The reëlected President reprised his “American Carnage” address, with repeated jabs at America’s “decline” under Joe Biden, but his central theme, as always, was himself.

Photograph by Kenny Holston / NYT / Redux

Donald Trump’s most enduring theme is himself—it always was and always will be. He is the Poet Laureate of self-aggrandizement. Hyperbole is how he lives and breathes. Everything he does is the greatest, the strongest, the boldest. On the eve of his return to the White House, the first ex-President in more than a century to reclaim the office, he promised thousands of red-hatted supporters at a rally in Washington “the best first day, the biggest first week, and the most extraordinary first hundred days of any Presidency in American history.” No need to wait for history to render its judgment. Back in November, when he defeated Kamala Harris only four years after being repudiated by the voters, he had declared his comeback win a result of “the greatest political movement of all time,” and promised that his second term in office would become “the golden age of America.”

Trump, who first gained fame in the nineteen-eighties for erecting a gilded skyscraper bearing his name in New York, returned to the theme of a golden age on Monday, in an Inaugural Address that, again and again, conflated himself and the country he will once again lead. The speech included a remarkable statement—that the Supreme Being had called this noted sinner back to power. “Over the past eight years, I have been tested and challenged more than any President in our two-hundred-and-fifty-year history,” Trump claimed—a reference, I suppose, to the two assassination attempts he faced during the 2024 campaign and the multiple legal challenges that eventually made him the first convicted felon ever to be elected President. His conclusion? “I was saved by God to make America great again.”
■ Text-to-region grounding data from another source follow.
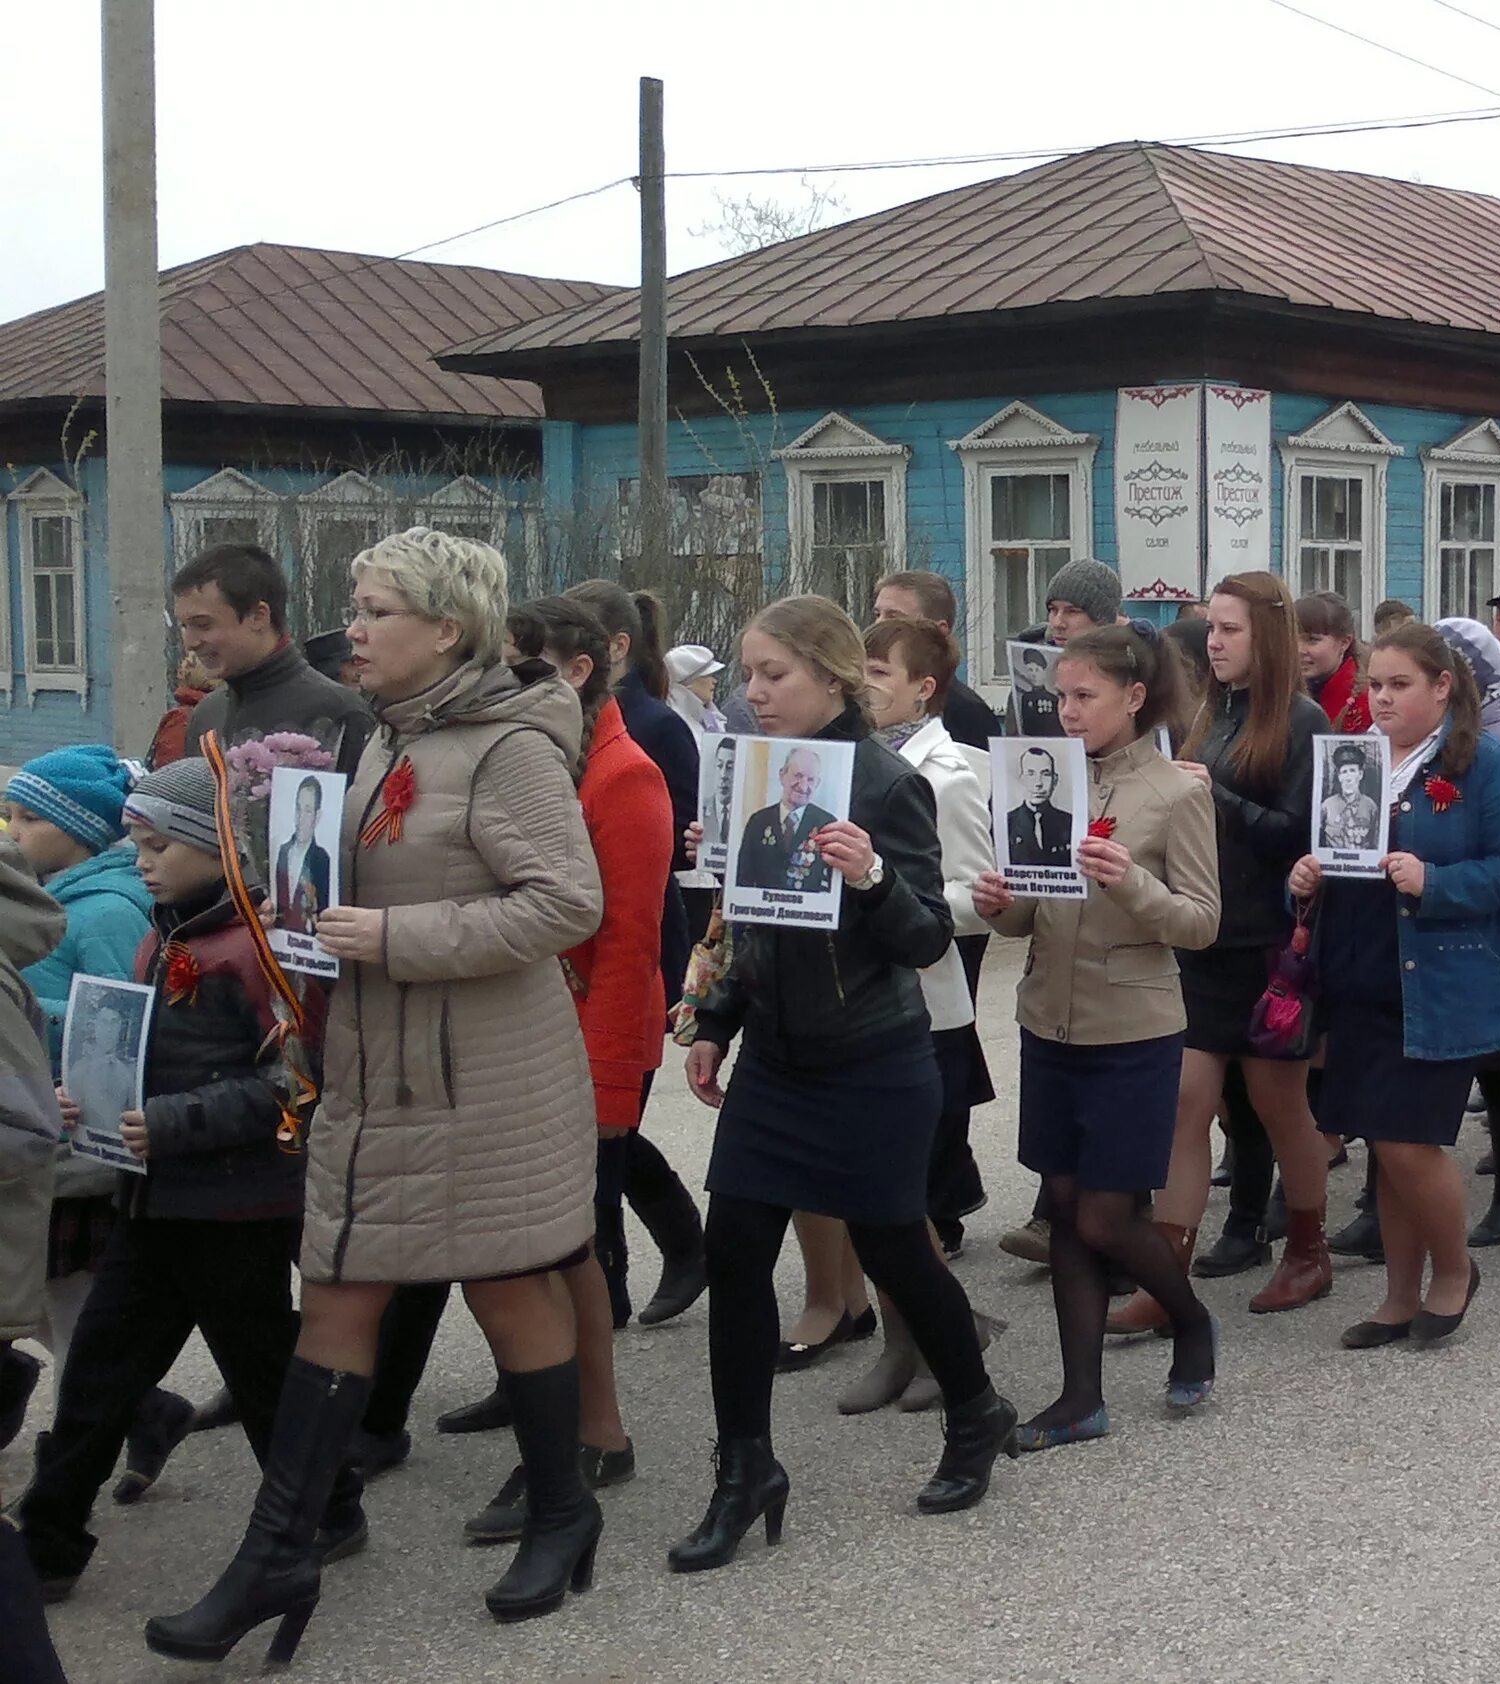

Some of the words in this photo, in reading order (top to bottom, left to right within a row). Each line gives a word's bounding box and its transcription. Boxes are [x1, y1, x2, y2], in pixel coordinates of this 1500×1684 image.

[1128, 482, 1183, 505] Престиж
[1217, 482, 1260, 505] Престиж
[1004, 868, 1078, 880] Шерстобитов
[1030, 882, 1083, 895] Петрович
[729, 902, 776, 918] Григорий
[776, 907, 833, 922] Данилович
Trump never mentioned his predecessor by name, but he could not have been more pointed about January 20th as “Liberation Day” from Joe Biden, a man who, four years ago, promised to return the country to normalcy after Trump’s chaotic and dysfunctional first term, but who instead set the stage for Trump’s return. The country, on Biden’s watch, had suffered “a horrible betrayal,” Trump said, and he began his speech lamenting “America’s decline,” an echo of his famous “American Carnage” address from 2017. His catalogue of the previous Administration’s failings included everything from immigration policy to an education system that, he claimed, teaches kids “to hate our country.” But, as always, Trump’s biggest passion was for the things that touched him personally, nothing more so than what he said was Biden’s “vicious, violent, and unfair weaponization of the Justice Department” against him and his supporters.
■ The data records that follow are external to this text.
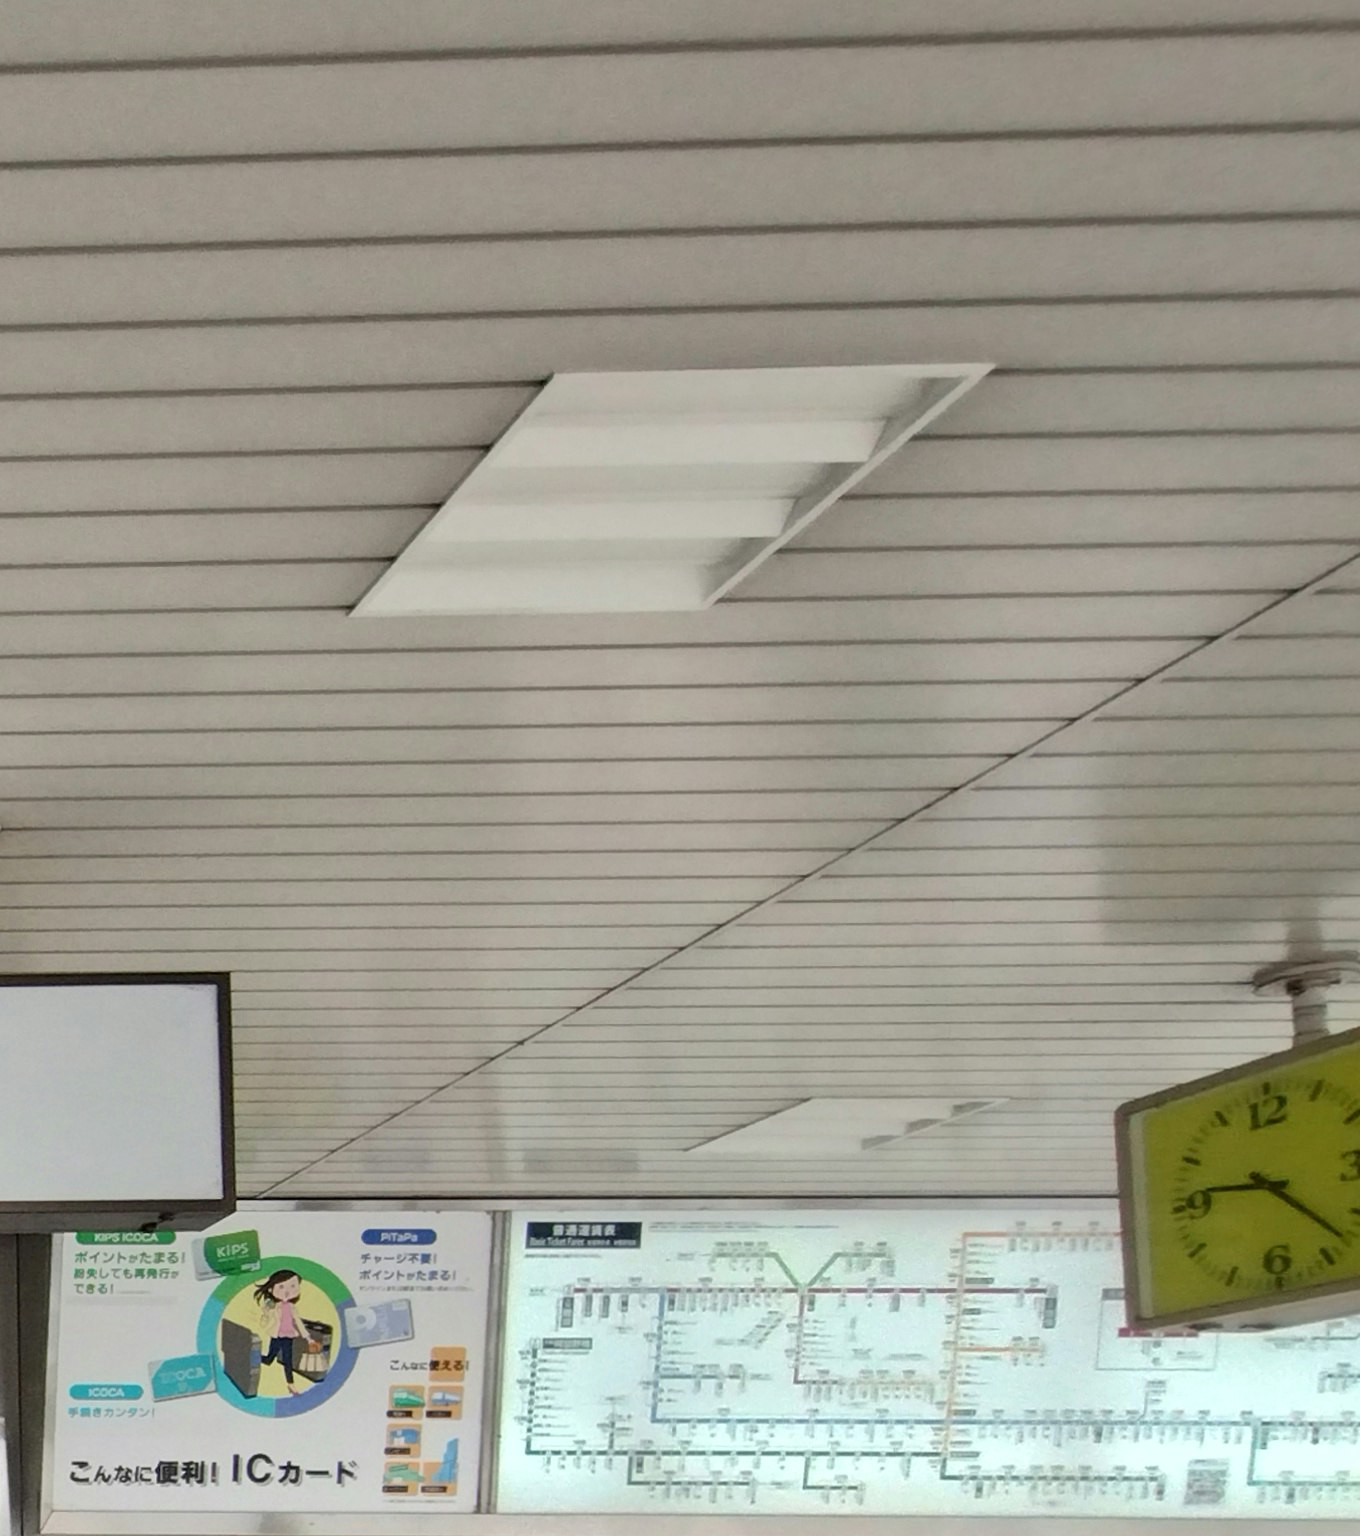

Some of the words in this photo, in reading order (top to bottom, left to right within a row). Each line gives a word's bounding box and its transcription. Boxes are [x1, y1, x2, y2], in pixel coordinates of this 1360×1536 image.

[1248, 1095, 1288, 1131] 12
[1186, 1190, 1212, 1220] 9
[94, 1232, 120, 1243] KIPS
[122, 1232, 159, 1243] ICOCA
[1261, 1245, 1292, 1275] 6
[74, 1283, 114, 1295] できる！
[88, 1387, 126, 1398] ICOCA
Trump’s many personal grievances—and his obvious delight in the vindication that his victory represents—are what made this Inauguration so different from any of its predecessors, including his first one, eight years ago. His 2017 Inaugural Address was the shortest recent Inaugural; Monday’s was the longest in recent memory, clocking in at twenty-nine minutes. It was overtly partisan and explicitly self-promotional—the marriage of a campaign rally and a State of the Union, with not much more than a token nod to the aspirational rhetoric that is usually the sum total of such speeches. Past Presidents have used the occasion to speak of the better angels of our nature, to banish fear and summon the best of America. Trump offered “drill, baby, drill,” and a pledge to rename the Gulf of Mexico as the Gulf of America. Previous Inaugurals have been brief, elegiac, inspirational; Trump’s was rambling, incoherent, and blustery. What, in the end, should we think about a speech that essentially threatened war against Panama but never even mentioned the deadly conflict in Europe that he once promised to end in his first twenty-four hours back in power?
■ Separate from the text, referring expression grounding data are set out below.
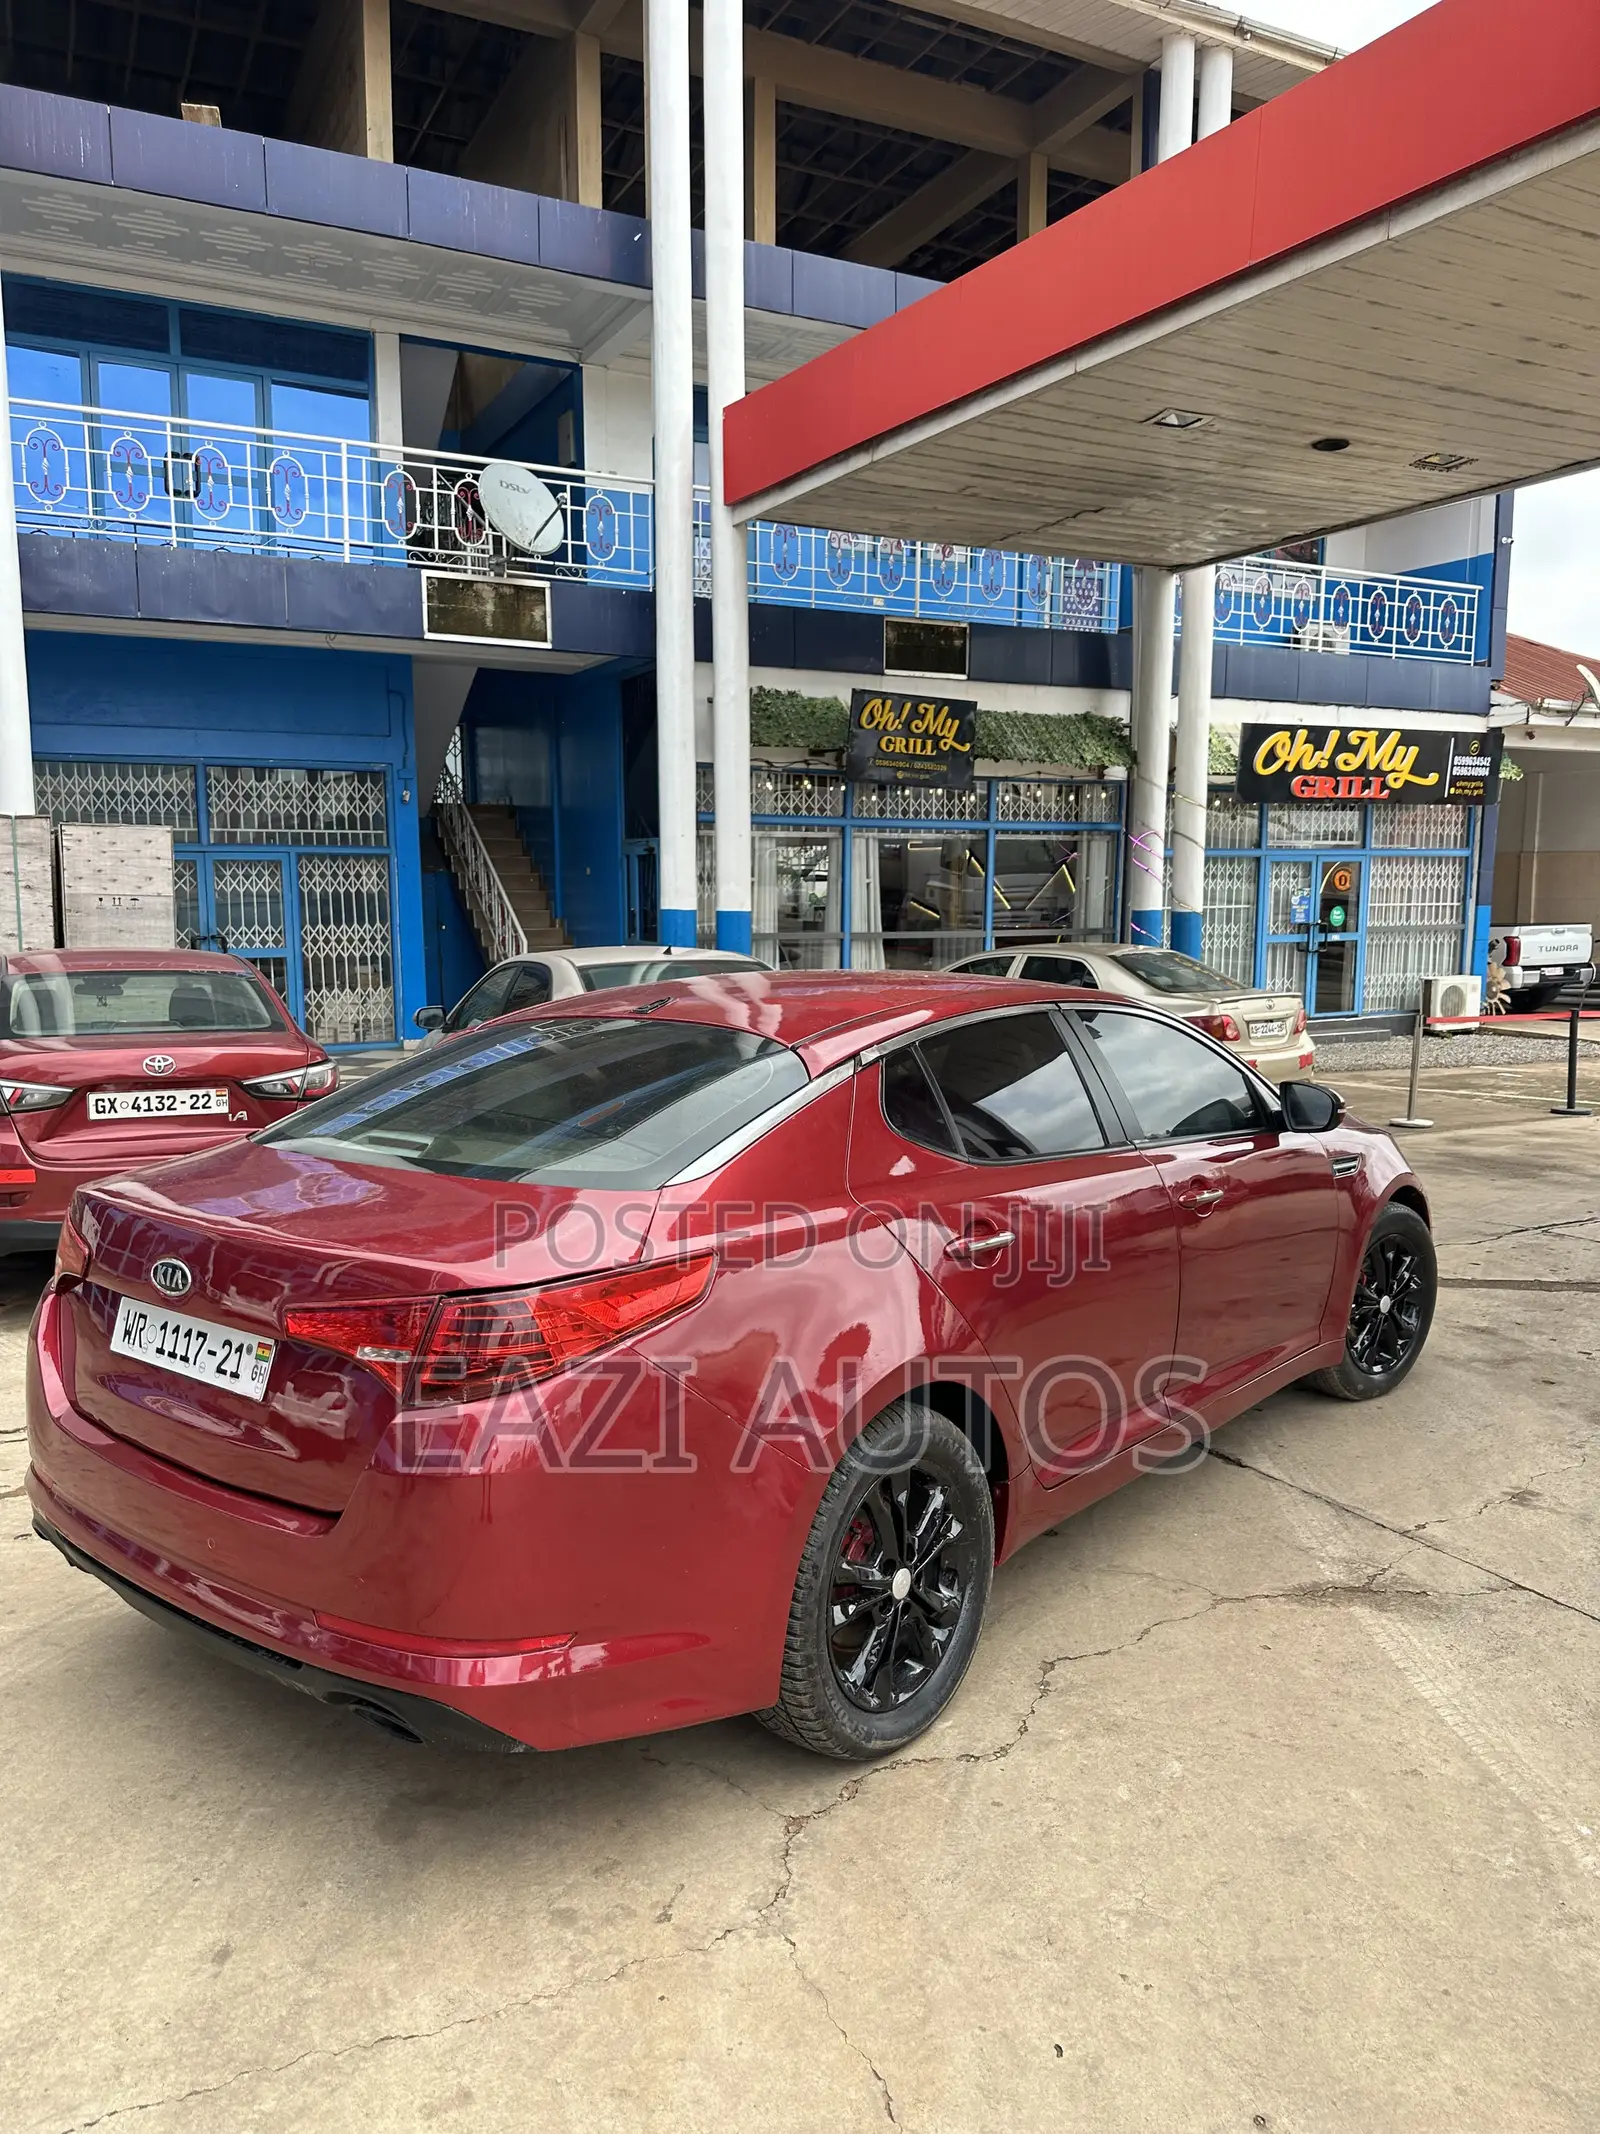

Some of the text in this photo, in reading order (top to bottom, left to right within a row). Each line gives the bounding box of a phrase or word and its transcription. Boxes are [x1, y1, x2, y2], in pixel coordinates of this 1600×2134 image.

[858, 697, 971, 752] Oh! My
[879, 735, 937, 756] GRILL
[1252, 728, 1440, 789] Oh! My
[1290, 774, 1391, 800] GRILL
[1538, 944, 1579, 953] TUNDRA
[94, 1093, 228, 1115] GX 4132-22 GH
[156, 1264, 184, 1290] KIA
[122, 1308, 267, 1384] WR 1117-21 GH
It was always going to be a day of dissonance. But Trump’s swearing-in at the Capitol Rotunda, driven indoors by frigid weather, offered certain benefits of clarity—illuminating, among other things, who rates in his second Administration and who does not. The image of America’s wealthiest men—Elon Musk, Jeff Bezos, Mark Zuckerberg—standing in front of Trump’s incoming Cabinet, and right behind Trump’s own children, was a revealing chart of power in the new Washington. The absence of a cheering throng of Trump’s MAGA supporters only reinforced the notion of an emergent and dangerous tech “oligarchy,” as Biden warned about last week, in a farewell address filled with barbs at his successor. More traditional powers, such as America’s governors, were relegated to the overflow room. Take that, Ron DeSantis.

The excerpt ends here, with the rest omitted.